Let's be frank, some spiritual truths are hard to understand - not because they are intellectually complicated, but because our sin makes us unwilling to see the truth for what it is. Like kittens born into blindness, so we as unsanctified babes in Christ begin our walk, and over time mature, and gain sight - so it is with our understanding of scripture - it deepens, not because of our intellect or education, but because the Holy Hill of God is ascended in contrition, and only in contrition.
The idea that scripture is using covenantal language to convey unspoken covenants that would otherwise be "overlooked" is academic speculation at best; and for me, personally, I need something a little more solid than the best academic guess to build my theology upon.
Another reason I give CT (Covenant Theology) a pass is because I think CT theology confuses water baptism and the new birth (the spirit baptism that Christ performs on us the moment we are "born from above").
In the OT, the (male) descendants of Abraham were circumcised in their flesh to indicate that they were descendants of Abraham. Even Ishmael was circumcised, even though he was obviously, and even poignantly outside of God's covenant with Abraham and had been from the very start. Circumcision was certainly a sign of God's covenant with Abraham - but that covenant was directed at Abraham and his Seed (whom Paul explains was Christ). The sign of this covenant was maintained in the flesh of Abraham and his male descendants until the covenant was fulfilled in Abraham's Seed (Christ).
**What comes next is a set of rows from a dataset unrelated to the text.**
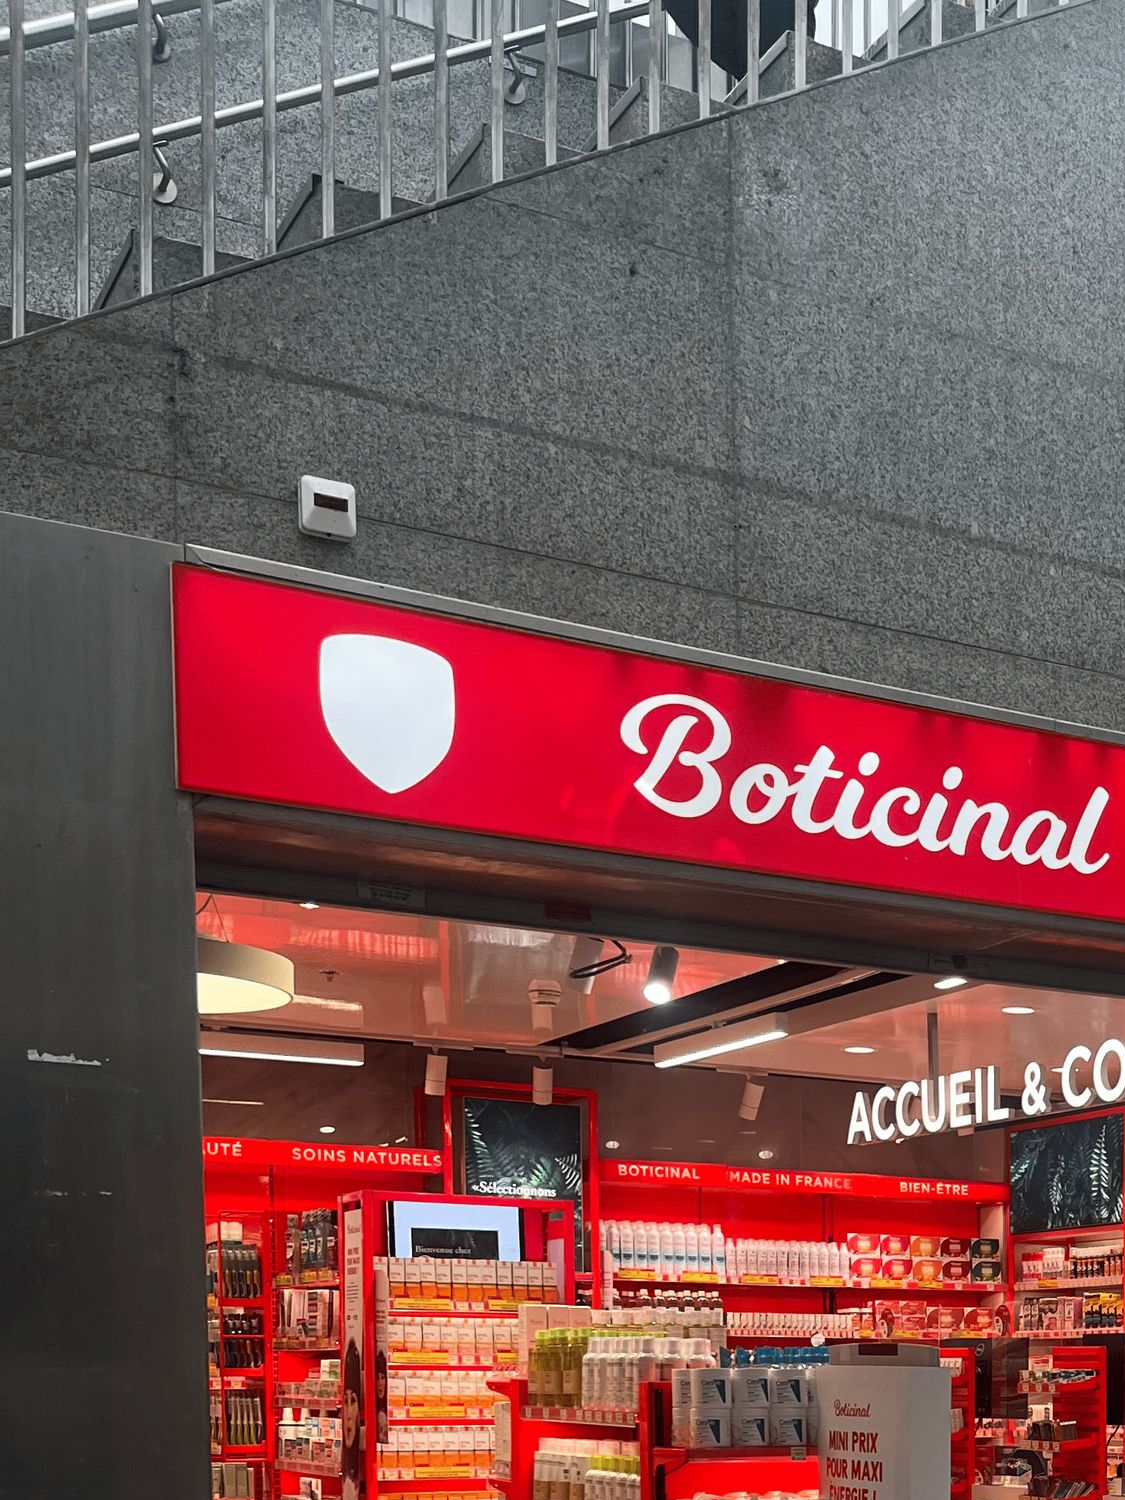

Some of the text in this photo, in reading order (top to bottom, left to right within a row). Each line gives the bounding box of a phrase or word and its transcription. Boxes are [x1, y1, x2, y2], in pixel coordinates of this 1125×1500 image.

[620, 693, 1110, 875] Boticinal
[847, 1064, 1011, 1145] ACCUEIL
[1022, 1061, 1047, 1117] &
[291, 1147, 443, 1167] SOINS NATURELS
[617, 1163, 700, 1180] BOTICINAL
[729, 1170, 852, 1190] MADE IN FRANCE
[899, 1181, 969, 1196] BIEN-ÊTRE
[415, 1245, 453, 1255] Bienvenue
[833, 1398, 871, 1419] Boticinal
[828, 1430, 878, 1454] MINI PRIX
[826, 1456, 883, 1483] POUR MAXI
The male children of Abraham, became a living canvas, if you will, upon which God recorded the sign of his covenant with Abraham until such time as Christ came, and the promise could be fulfilled.
Paul understood that being circumcised only made you a canvas upon which the covenant was recorded - it didn't mean you were in the covenant, for those who were in the covenant were in the covenant because they were circumcised in their heart - which is to say, as Paul aludes to: circumcision in the flesh didn't make you a Jew, and therefore doesn't make you a partaker of God's covenant to Abraham. It just makes you more guilty because to you and your kindred the oracles of God were delivered.
So how did you enter into God's covenant with Abraham, if not through circumcision in the flesh? I said it already, and Paul said it - through the circumcision that is made without hands - that is, by having your heart circumcised. Paul seemed to think that you were justified in the same way Abraham was justified: by faith.
Circumcision, didn't bring people into the covenant - though that is what the Judaizers thought and taught - it was just a sign written in the flesh of Abraham's male descendants.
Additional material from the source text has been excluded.